The use of Dropbox had been introduced only in 2011 following the death of a team support member at the previous year’s Vuelta a España.

“As a direct result of that [we] decided that we needed a better means of in/post race communication and that’s why the Dropbox process [which was already used by Team Sky for general information sharing] was adapted to allow medical information to be shared. It was never meant to replace individual doctors’ medical records [although ultimately this occurred].”

Freeman added that he primarily relied on his own note-keeping, finding Dropbox “difficult to use” and not entirely trusting its security. The laptop on which he kept his notes was later stolen while he was on holiday in Greece, although Freeman was not asked about this by Parliament  and made no mention of it in his statement. “I accept that it would have been desirable to have backed up my clinical records, whatever system was used,” he said. “I regret not doing this.”

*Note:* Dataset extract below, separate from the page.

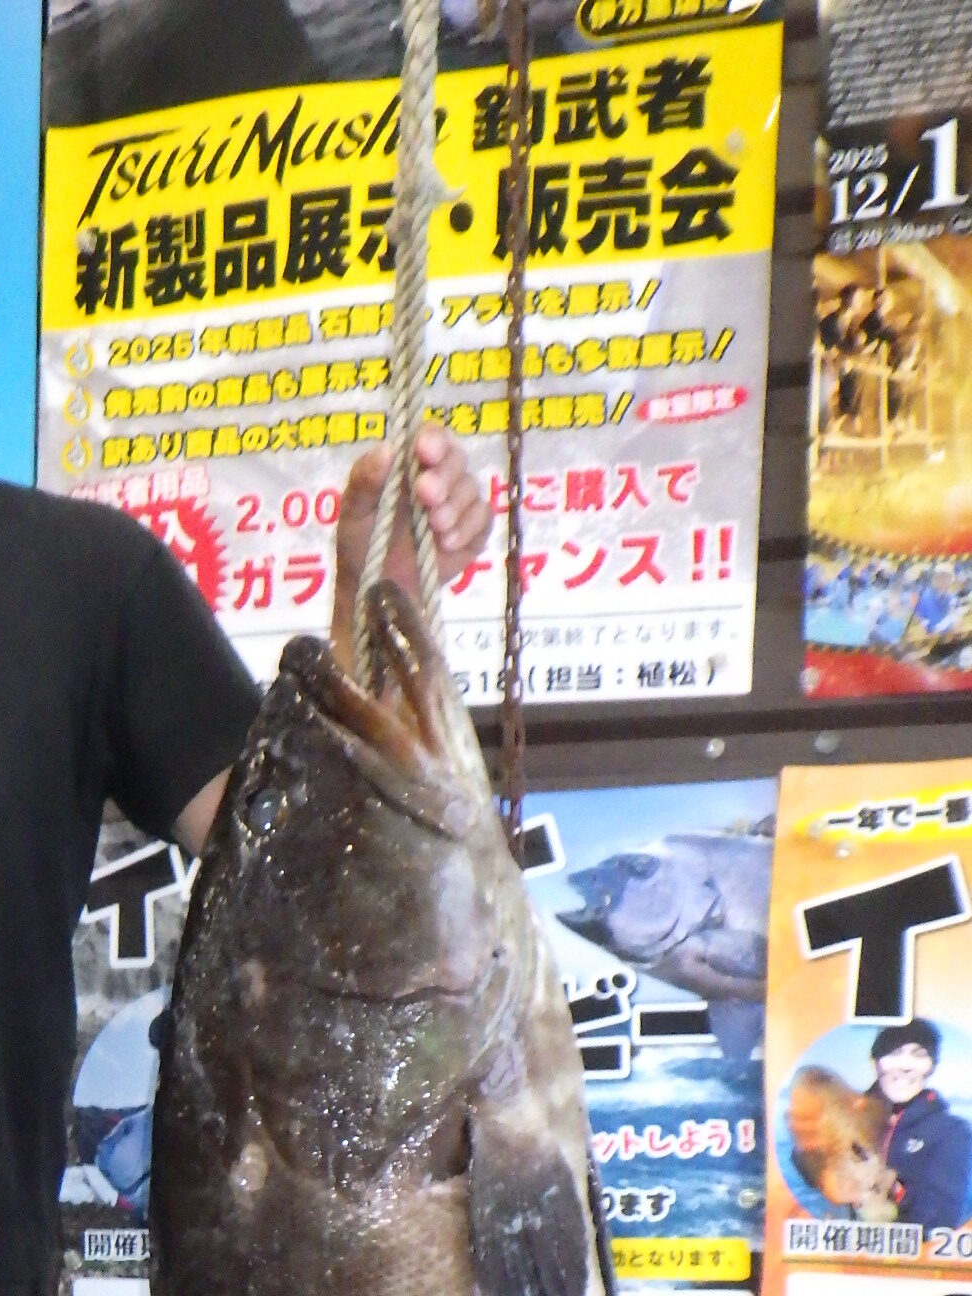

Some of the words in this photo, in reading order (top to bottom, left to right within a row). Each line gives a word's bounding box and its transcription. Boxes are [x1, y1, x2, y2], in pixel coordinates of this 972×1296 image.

On the subject of why Fluimucil had to be flown out to France from the UK by a British Cycling staff member rather than collected from a local pharmacy, Freeman said – as Team Sky had claimed in their written evidence to British Parliament a few weeks ago – that the particular type of Fluimucil nebulizer solution that the team used was available from only one overseas supplier and it was generally sent over to Manchester and kept in the storeroom there.

Freeman admitted that he had on one occasion bought this type of Fluimucil from a pharmacy in Switzerland but it did “not occur” to him to drive all the way there to restock during the race, and the rest of Team Sky’s staff were too busy with their own duties to go. He therefore asked Wiggins’s coach Shane Sutton to get some sent out from Manchester. Sutton arranged for Simon Cope, the women’s road coach, to courier the parcel.

Freeman said he made his request to Sutton “a day or two before the end of the Dauphiné in 2011” although Cope’s expenses suggest he went to pick it up four days before the end of the race.

Overall, Freeman said, he felt satisfied that his practice had “never been compromised by coaches or management ever at Team Sky or British Cycling”, adding that he did not feel a “win at all costs” culture existed within those two organizations.

However, Freeman did say, that the departures of Brailsford and Steve Peters had had a detrimental impact on the culture in Manchester, indirectly criticizing Sutton, who was promoted to technical director in 2014.

Collins said that Freeman had confirmed to the committee that he was happy to answer any further questions in writing, and to give oral evidence when his health recovered.